Stored data entries:
-- Opening Marker --
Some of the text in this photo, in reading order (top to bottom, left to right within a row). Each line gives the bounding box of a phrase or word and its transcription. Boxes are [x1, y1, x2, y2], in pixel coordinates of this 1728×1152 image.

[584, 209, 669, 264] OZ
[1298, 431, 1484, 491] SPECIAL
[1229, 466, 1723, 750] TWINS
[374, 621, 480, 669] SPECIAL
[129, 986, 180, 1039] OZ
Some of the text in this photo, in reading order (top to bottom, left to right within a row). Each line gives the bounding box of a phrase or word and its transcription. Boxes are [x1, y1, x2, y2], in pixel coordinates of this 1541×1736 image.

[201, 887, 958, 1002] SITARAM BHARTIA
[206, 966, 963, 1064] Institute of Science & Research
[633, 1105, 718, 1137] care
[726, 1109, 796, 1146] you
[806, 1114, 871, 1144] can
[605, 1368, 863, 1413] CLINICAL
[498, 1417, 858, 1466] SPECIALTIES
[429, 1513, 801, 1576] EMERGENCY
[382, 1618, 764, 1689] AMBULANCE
-- Closing Marker --
-- Opening Marker --
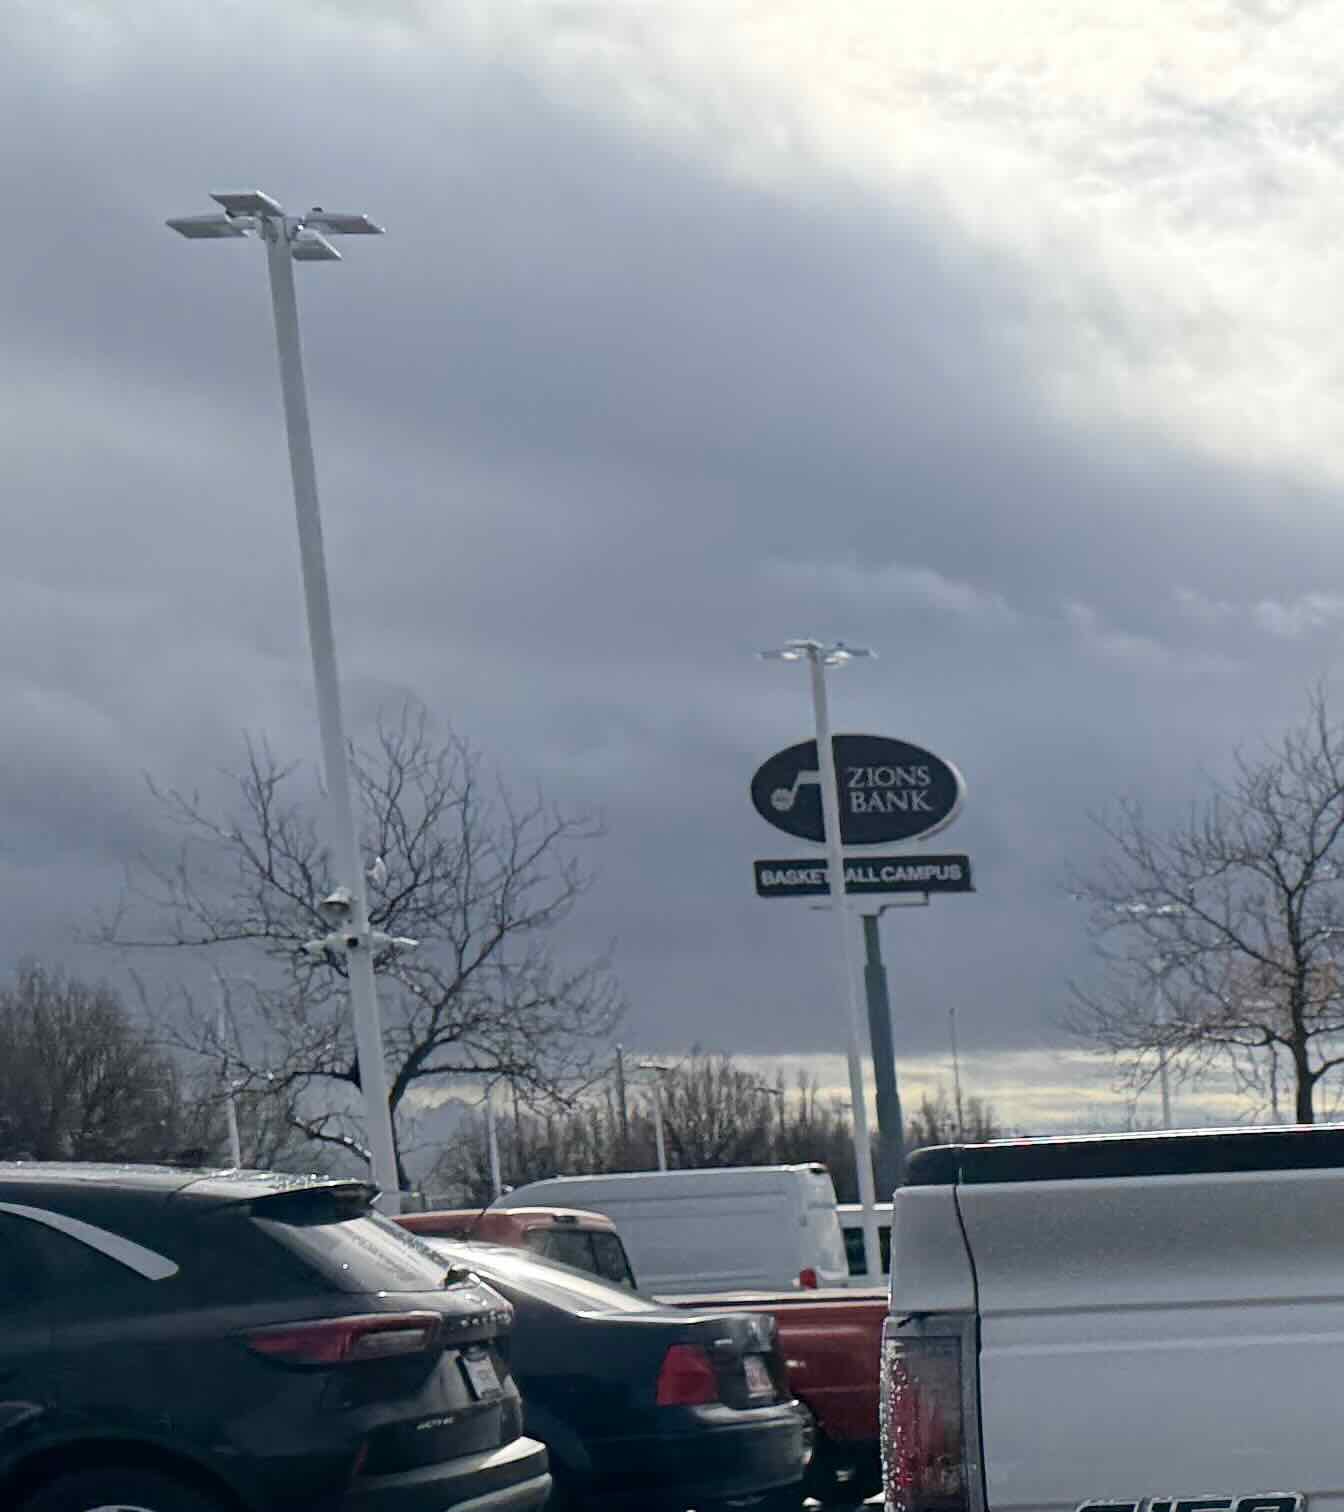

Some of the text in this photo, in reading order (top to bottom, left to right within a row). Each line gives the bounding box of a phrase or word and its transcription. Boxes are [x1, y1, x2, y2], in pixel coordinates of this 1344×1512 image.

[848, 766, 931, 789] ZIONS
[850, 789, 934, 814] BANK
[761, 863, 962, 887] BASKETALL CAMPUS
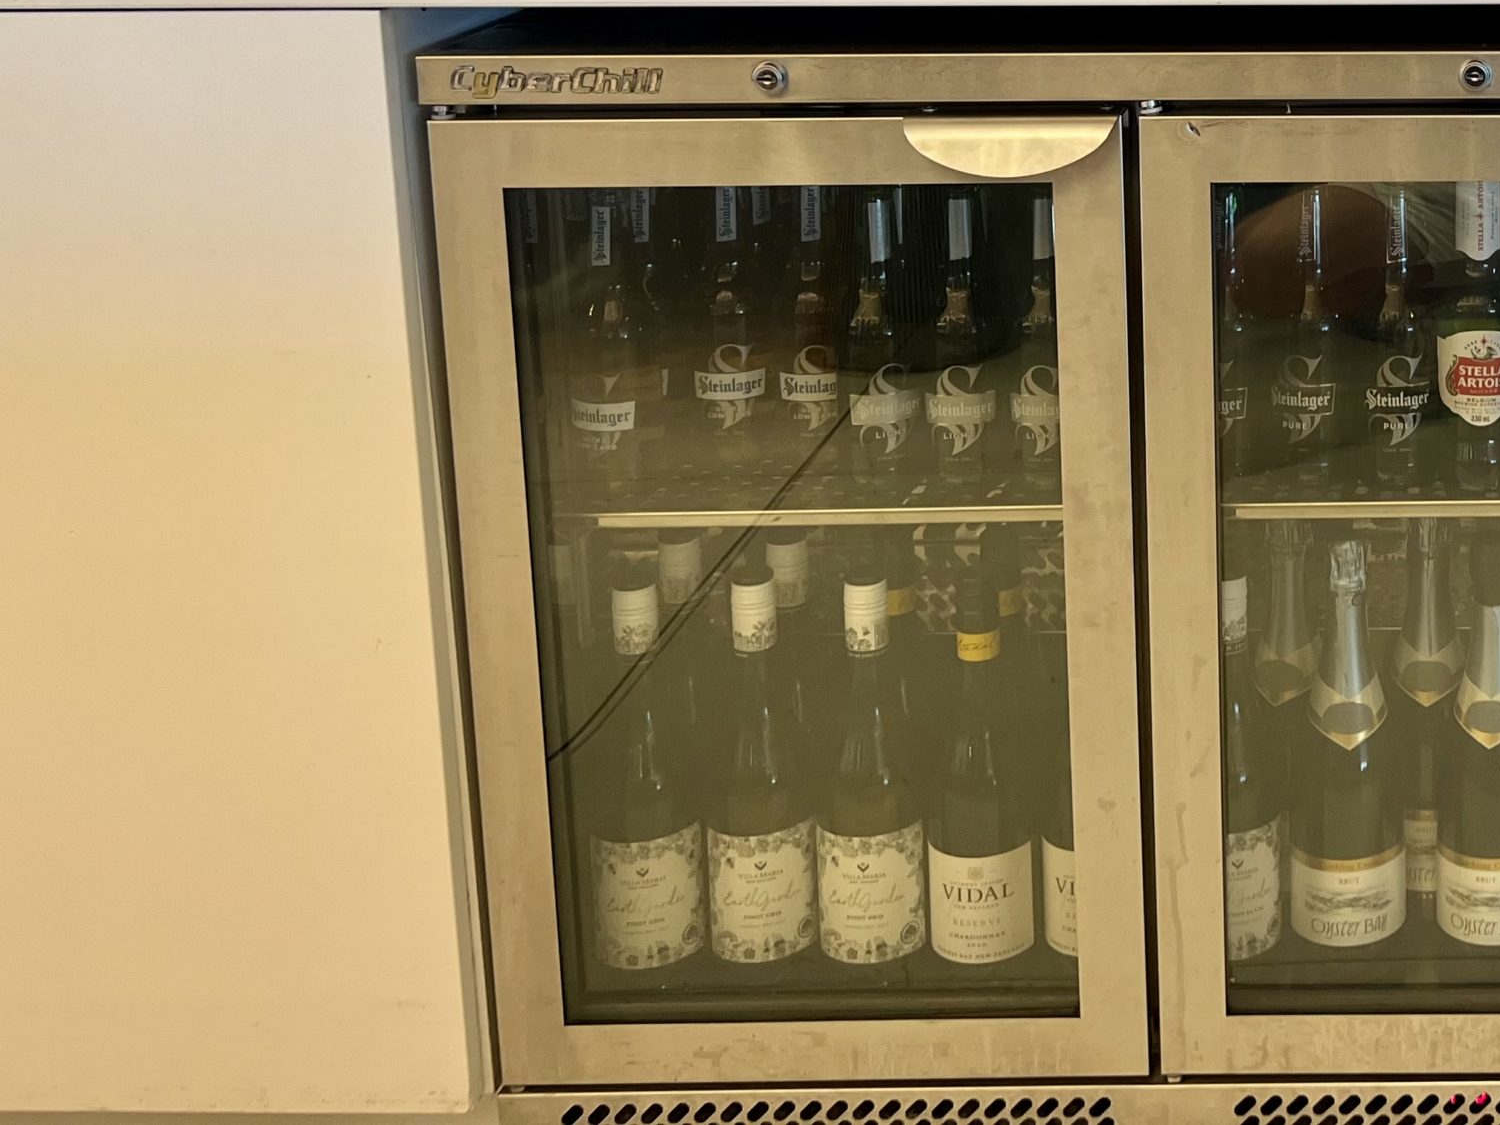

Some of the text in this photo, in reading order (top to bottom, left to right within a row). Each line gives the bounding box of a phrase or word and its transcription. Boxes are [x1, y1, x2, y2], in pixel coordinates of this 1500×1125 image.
-- Closing Marker --
### [INSTRUCTIONS TO FOLLOW]
When you reach the line containing "this 1344×1512 image." in the entries above, begin restating word for word, and stop once the line containing "this 1500×1125 image." has been given. Omit the pictures.

### [SOLVED PROBLEM]
Some of the text in this photo, in reading order (top to bottom, left to right within a row). Each line gives the bounding box of a phrase or word and its transcription. Boxes are [x1, y1, x2, y2], in pixel coordinates of this 1344×1512 image.

[848, 766, 931, 789] ZIONS
[850, 789, 934, 814] BANK
[761, 863, 962, 887] BASKETALL CAMPUS

Some of the text in this photo, in reading order (top to bottom, left to right within a row). Each line gives the bounding box of a phrase or word and its transcription. Boxes are [x1, y1, x2, y2], in pixel coordinates of this 1500×1125 image.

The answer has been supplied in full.